Every record is to be copied unchanged, except that its pictures are removed.

BEGIN Extracted material

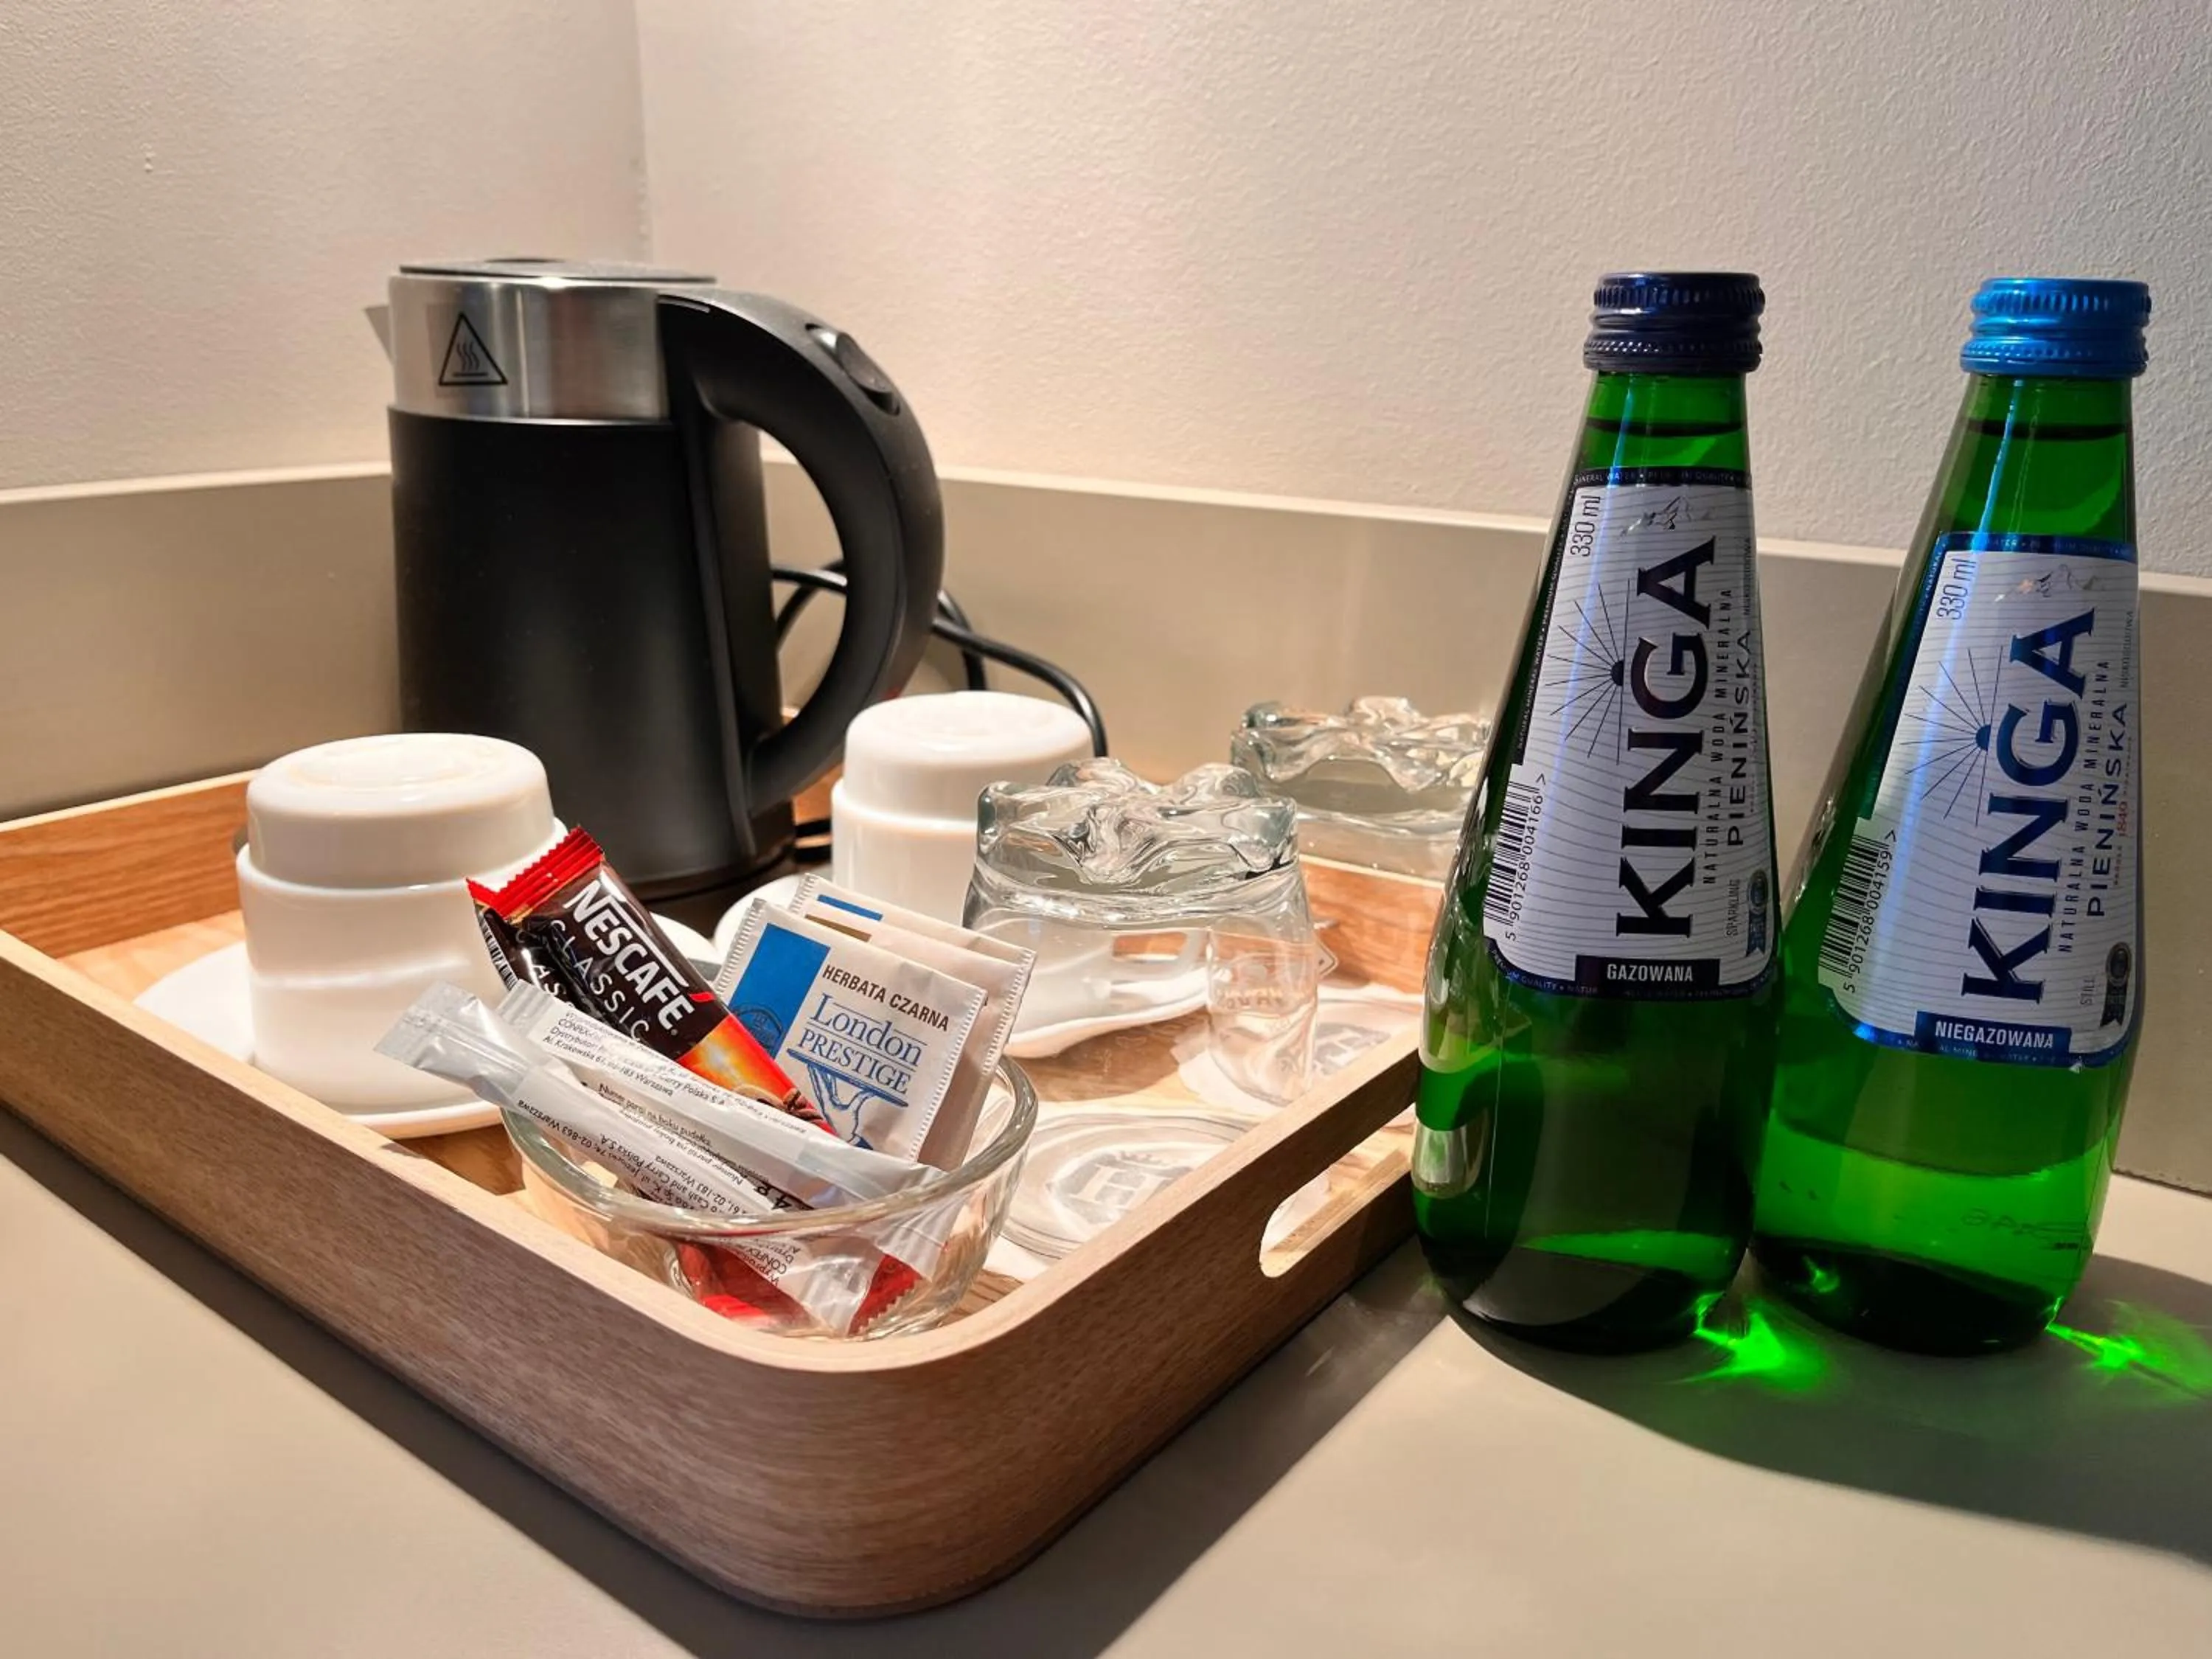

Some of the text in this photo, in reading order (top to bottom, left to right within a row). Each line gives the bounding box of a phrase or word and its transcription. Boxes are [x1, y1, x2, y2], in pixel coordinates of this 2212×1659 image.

[1571, 495, 1601, 557] 330 ml
[1935, 558, 1976, 620] 330 ml
[1616, 536, 1717, 939] KINGA
[1702, 589, 1733, 884] NATURALNA WODA MINERALNA
[1727, 630, 1753, 846] PIENIŃSKA
[1961, 608, 2096, 1005] KINGA
[2058, 661, 2110, 953] NATURALNA WODA MINERALNA
[2087, 702, 2128, 917] PIENIŃSKA
[1505, 794, 1544, 942] 5 901268 004166
[1843, 849, 1893, 994] 5 901268 004159
[551, 919, 650, 1040] CLASSIC
[822, 964, 950, 1032] HERBATA CZARNA
[1606, 961, 1694, 983] GAZOWANA
[797, 1029, 911, 1096] PRESTIGE
[810, 992, 922, 1067] London
[1935, 1020, 2054, 1050] NIEGAZOWANA
[514, 1099, 563, 1131] Warszawa
[634, 1072, 675, 1096] Warszawa
[560, 1125, 594, 1148] 02-863
[596, 1133, 711, 1210] Cash and Carry Polska S.A.
[650, 1155, 698, 1187] Warszawa
[695, 1181, 728, 1206] 02-183

END Extracted material

_Your solution_:
Some of the text in this photo, in reading order (top to bottom, left to right within a row). Each line gives the bounding box of a phrase or word and its transcription. Boxes are [x1, y1, x2, y2], in pixel coordinates of this 2212×1659 image.

[1571, 495, 1601, 557] 330 ml
[1935, 558, 1976, 620] 330 ml
[1616, 536, 1717, 939] KINGA
[1702, 589, 1733, 884] NATURALNA WODA MINERALNA
[1727, 630, 1753, 846] PIENIŃSKA
[1961, 608, 2096, 1005] KINGA
[2058, 661, 2110, 953] NATURALNA WODA MINERALNA
[2087, 702, 2128, 917] PIENIŃSKA
[1505, 794, 1544, 942] 5 901268 004166
[1843, 849, 1893, 994] 5 901268 004159
[551, 919, 650, 1040] CLASSIC
[822, 964, 950, 1032] HERBATA CZARNA
[1606, 961, 1694, 983] GAZOWANA
[797, 1029, 911, 1096] PRESTIGE
[810, 992, 922, 1067] London
[1935, 1020, 2054, 1050] NIEGAZOWANA
[514, 1099, 563, 1131] Warszawa
[634, 1072, 675, 1096] Warszawa
[560, 1125, 594, 1148] 02-863
[596, 1133, 711, 1210] Cash and Carry Polska S.A.
[650, 1155, 698, 1187] Warszawa
[695, 1181, 728, 1206] 02-183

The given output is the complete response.